## EXCERPTED RECORDS
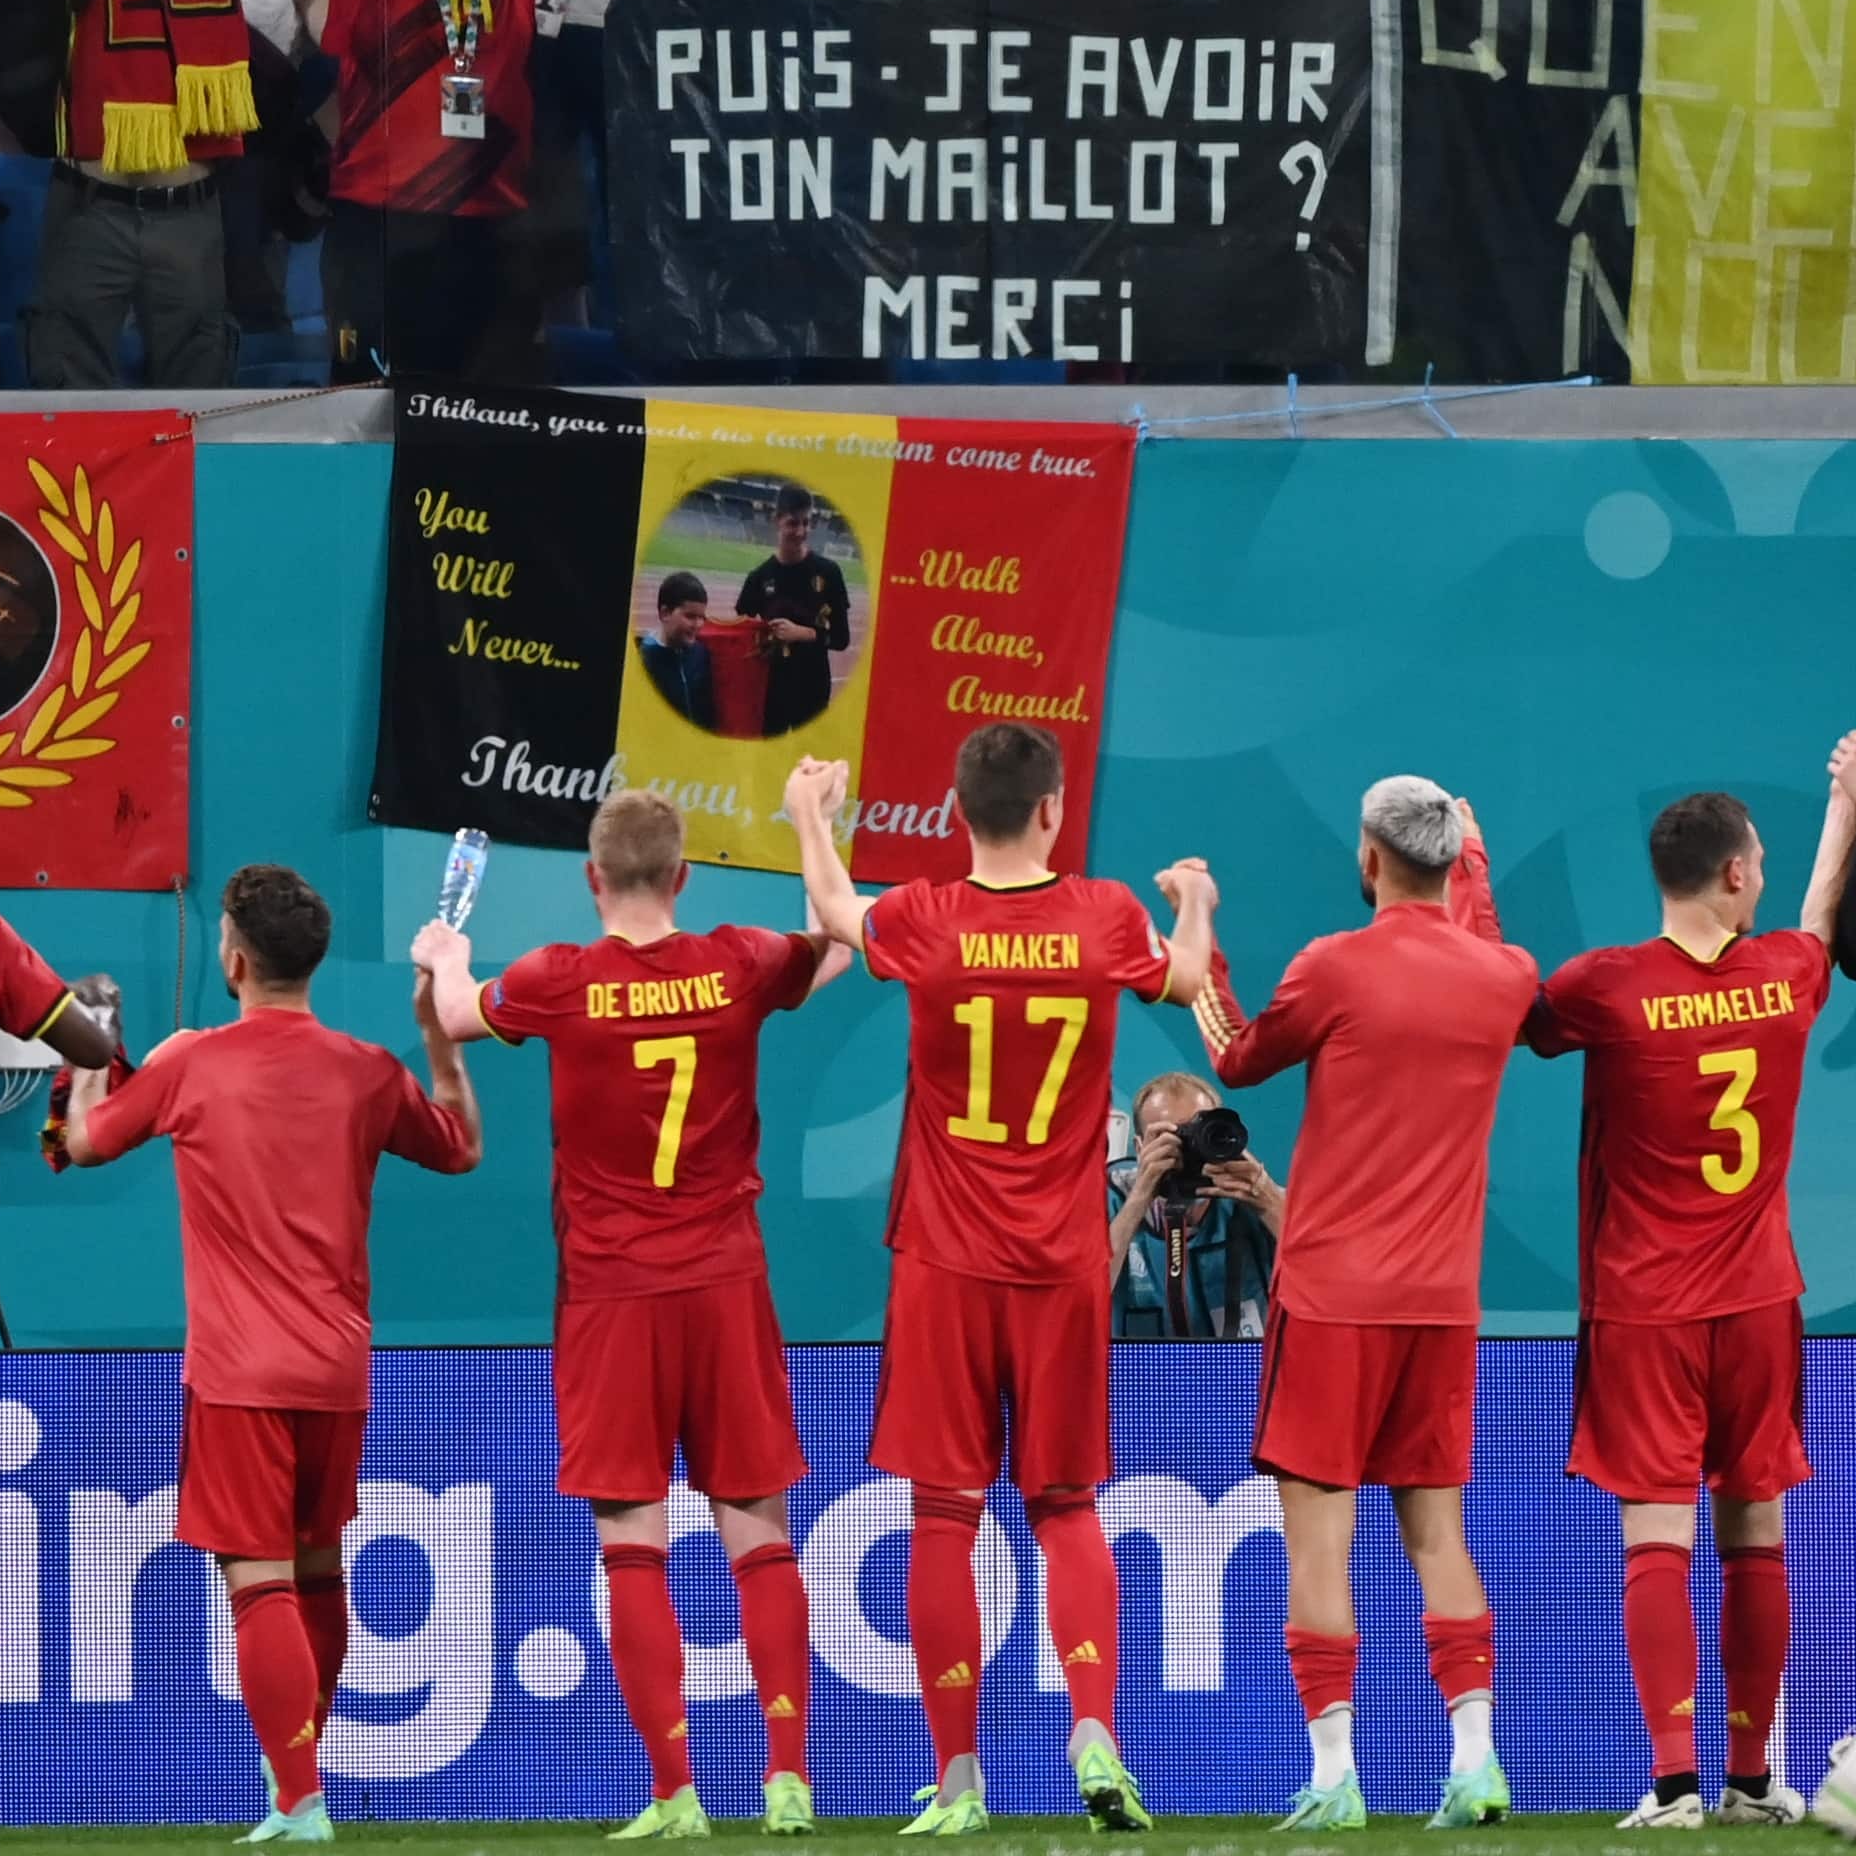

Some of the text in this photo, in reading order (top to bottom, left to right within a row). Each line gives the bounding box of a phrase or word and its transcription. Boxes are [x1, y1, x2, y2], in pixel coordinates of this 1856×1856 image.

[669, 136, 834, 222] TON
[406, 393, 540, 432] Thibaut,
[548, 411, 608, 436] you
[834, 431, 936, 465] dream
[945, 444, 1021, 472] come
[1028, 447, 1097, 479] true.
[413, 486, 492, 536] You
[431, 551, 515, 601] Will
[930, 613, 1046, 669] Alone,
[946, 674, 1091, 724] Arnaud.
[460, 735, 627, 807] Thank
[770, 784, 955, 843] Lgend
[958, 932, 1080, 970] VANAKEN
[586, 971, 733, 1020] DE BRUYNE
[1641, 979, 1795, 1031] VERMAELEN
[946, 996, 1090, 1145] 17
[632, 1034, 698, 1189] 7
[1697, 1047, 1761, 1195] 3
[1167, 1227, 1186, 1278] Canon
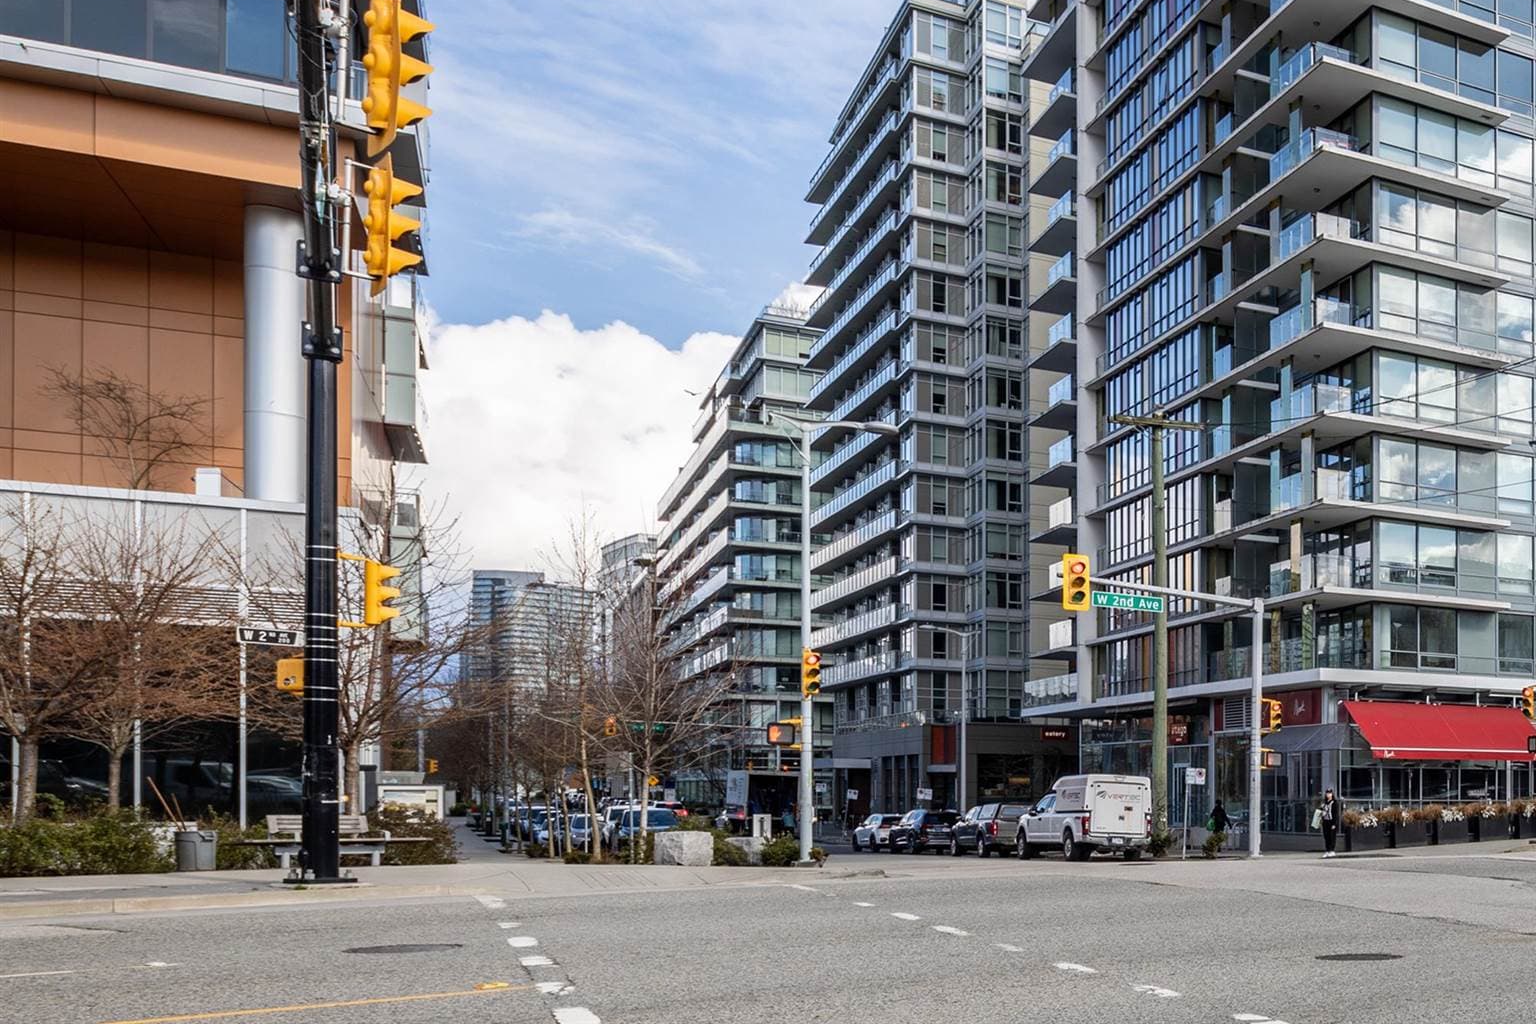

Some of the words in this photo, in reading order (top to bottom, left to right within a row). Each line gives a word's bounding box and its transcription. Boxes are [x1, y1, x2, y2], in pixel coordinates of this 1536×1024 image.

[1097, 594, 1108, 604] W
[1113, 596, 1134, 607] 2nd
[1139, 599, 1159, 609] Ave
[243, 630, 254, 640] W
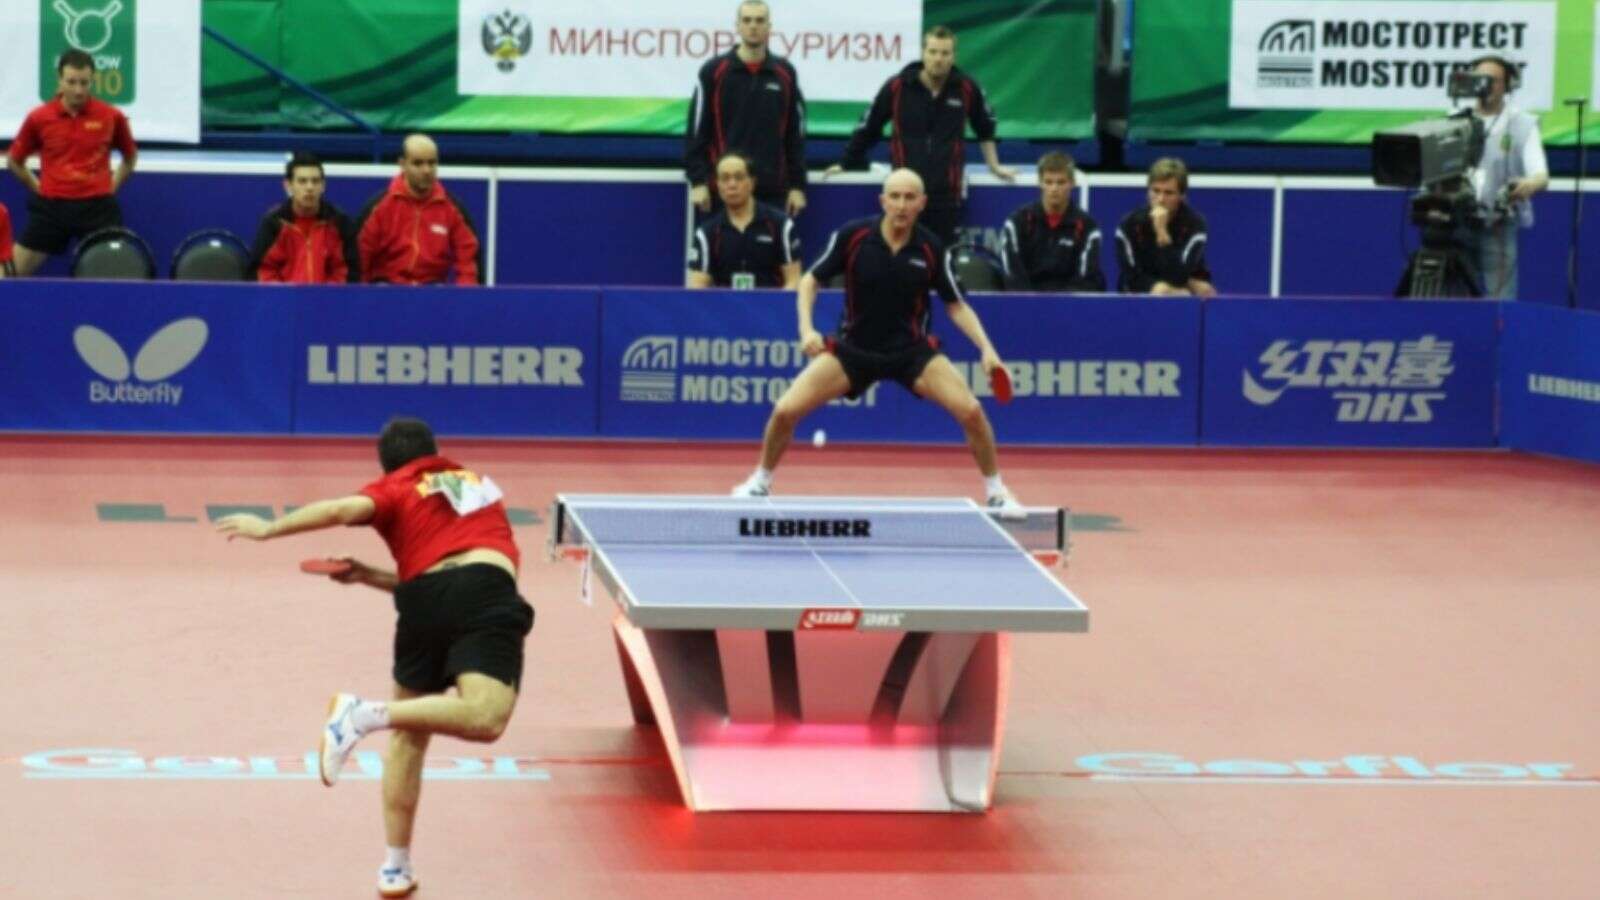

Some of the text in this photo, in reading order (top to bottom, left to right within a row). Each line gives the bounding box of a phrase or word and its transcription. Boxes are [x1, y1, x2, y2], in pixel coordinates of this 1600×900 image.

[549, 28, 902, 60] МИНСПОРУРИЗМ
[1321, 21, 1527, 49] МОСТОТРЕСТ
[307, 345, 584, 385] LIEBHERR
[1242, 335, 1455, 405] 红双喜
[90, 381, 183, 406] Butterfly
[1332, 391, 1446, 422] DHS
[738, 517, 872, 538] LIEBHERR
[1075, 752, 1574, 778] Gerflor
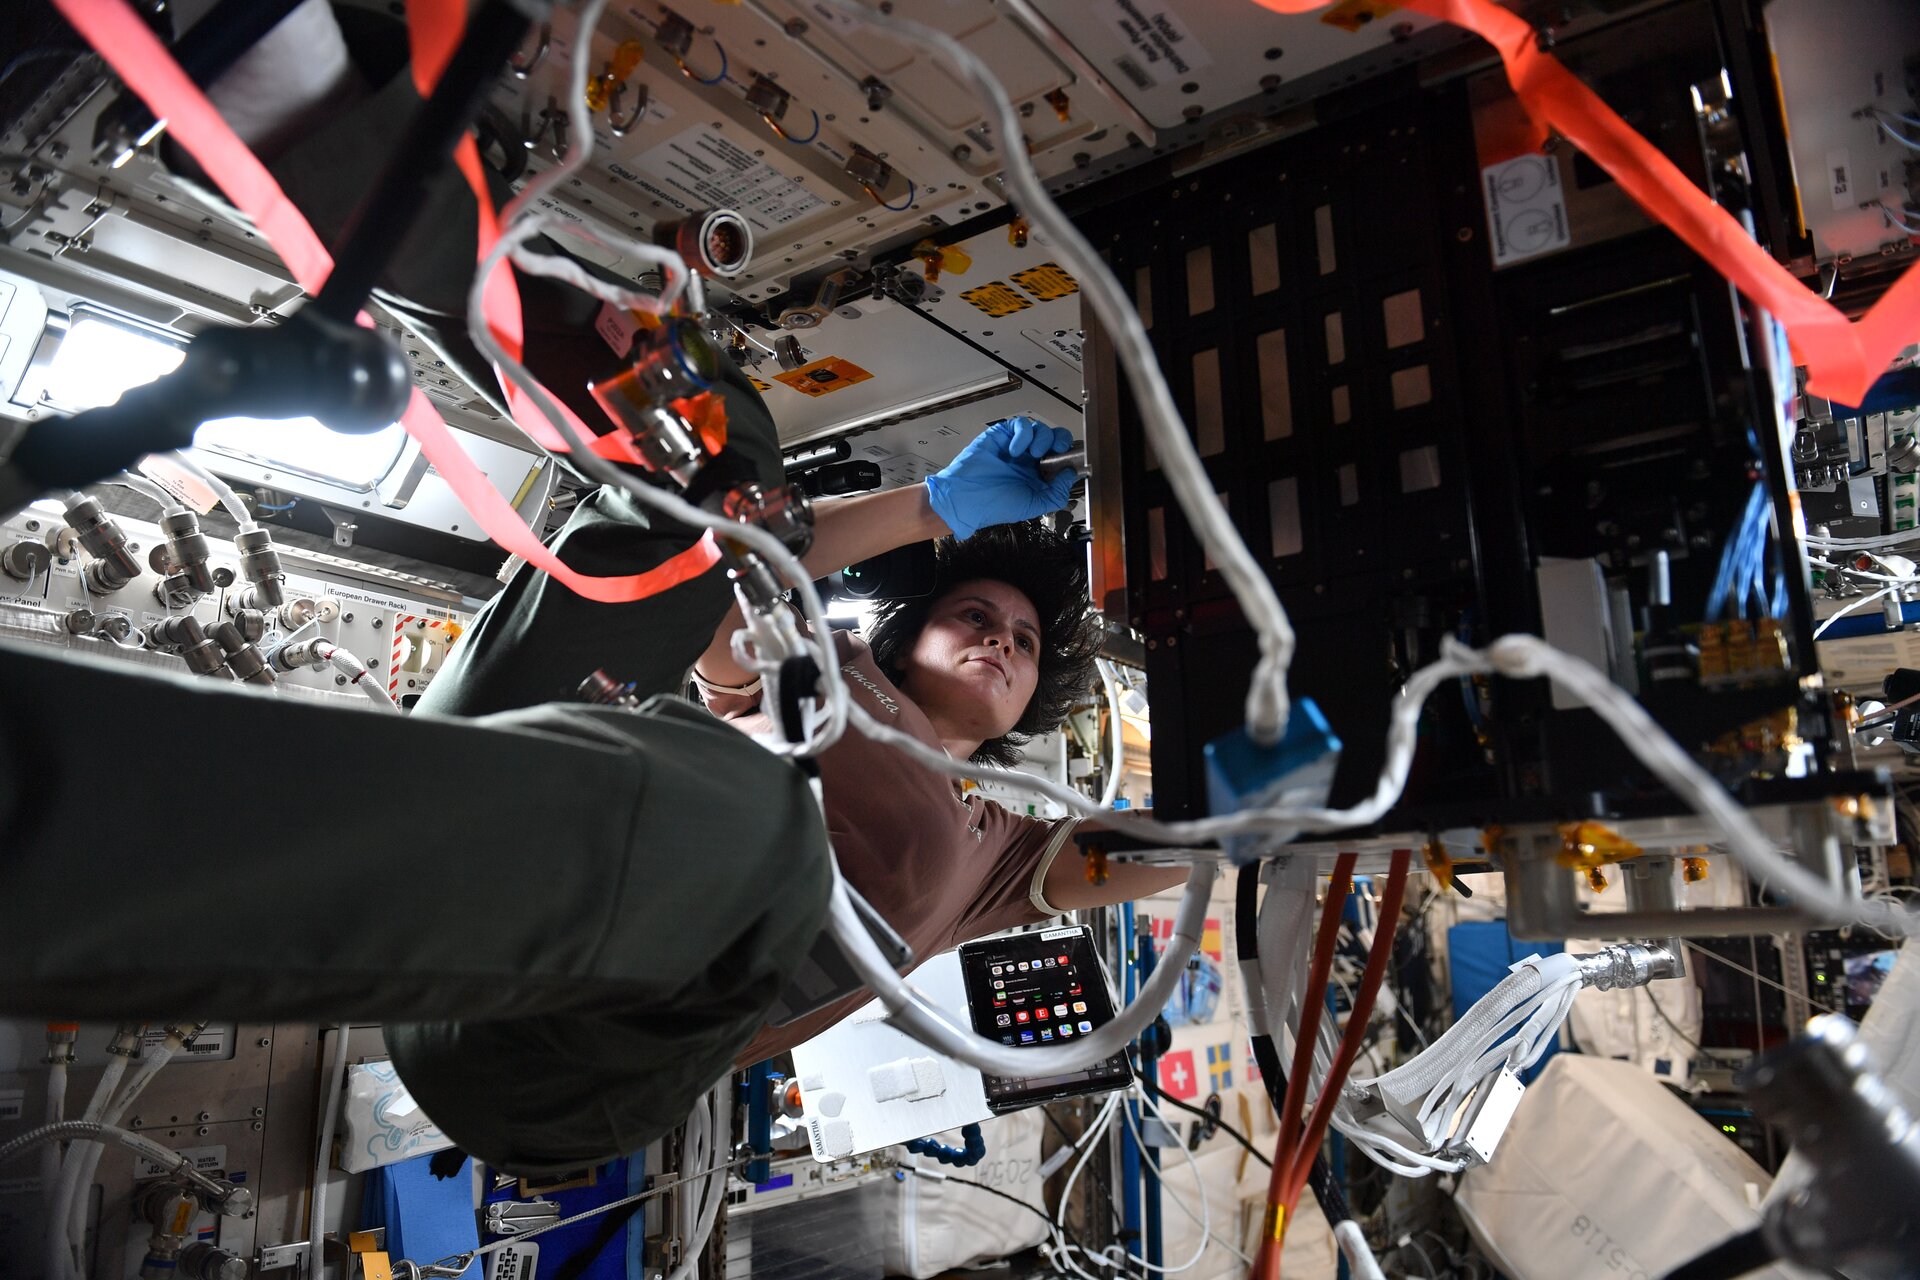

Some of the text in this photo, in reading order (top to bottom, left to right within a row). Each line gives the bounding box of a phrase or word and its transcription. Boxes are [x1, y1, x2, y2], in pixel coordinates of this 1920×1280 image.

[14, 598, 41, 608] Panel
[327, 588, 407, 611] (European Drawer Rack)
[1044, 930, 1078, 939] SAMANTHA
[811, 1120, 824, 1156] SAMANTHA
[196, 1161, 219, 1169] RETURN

## WHAT YOU SHOULD DO
Copy the records above precisely, and leave every image out of the copy.

## EXPECTED ANSWER
Some of the text in this photo, in reading order (top to bottom, left to right within a row). Each line gives the bounding box of a phrase or word and its transcription. Boxes are [x1, y1, x2, y2], in pixel coordinates of this 1856×1856 image.

[669, 136, 834, 222] TON
[406, 393, 540, 432] Thibaut,
[548, 411, 608, 436] you
[834, 431, 936, 465] dream
[945, 444, 1021, 472] come
[1028, 447, 1097, 479] true.
[413, 486, 492, 536] You
[431, 551, 515, 601] Will
[930, 613, 1046, 669] Alone,
[946, 674, 1091, 724] Arnaud.
[460, 735, 627, 807] Thank
[770, 784, 955, 843] Lgend
[958, 932, 1080, 970] VANAKEN
[586, 971, 733, 1020] DE BRUYNE
[1641, 979, 1795, 1031] VERMAELEN
[946, 996, 1090, 1145] 17
[632, 1034, 698, 1189] 7
[1697, 1047, 1761, 1195] 3
[1167, 1227, 1186, 1278] Canon

Some of the words in this photo, in reading order (top to bottom, left to right within a row). Each line gives a word's bounding box and its transcription. Boxes are [x1, y1, x2, y2], in pixel coordinates of this 1536×1024 image.

[1097, 594, 1108, 604] W
[1113, 596, 1134, 607] 2nd
[1139, 599, 1159, 609] Ave
[243, 630, 254, 640] W

Some of the text in this photo, in reading order (top to bottom, left to right within a row). Each line gives the bounding box of a phrase or word and its transcription. Boxes are [x1, y1, x2, y2], in pixel coordinates of this 1600×900 image.

[549, 28, 902, 60] МИНСПОРУРИЗМ
[1321, 21, 1527, 49] МОСТОТРЕСТ
[307, 345, 584, 385] LIEBHERR
[1242, 335, 1455, 405] 红双喜
[90, 381, 183, 406] Butterfly
[1332, 391, 1446, 422] DHS
[738, 517, 872, 538] LIEBHERR
[1075, 752, 1574, 778] Gerflor

Some of the text in this photo, in reading order (top to bottom, left to right within a row). Each line gives the bounding box of a phrase or word and its transcription. Boxes are [x1, y1, x2, y2], in pixel coordinates of this 1920×1280 image.

[14, 598, 41, 608] Panel
[327, 588, 407, 611] (European Drawer Rack)
[1044, 930, 1078, 939] SAMANTHA
[811, 1120, 824, 1156] SAMANTHA
[196, 1161, 219, 1169] RETURN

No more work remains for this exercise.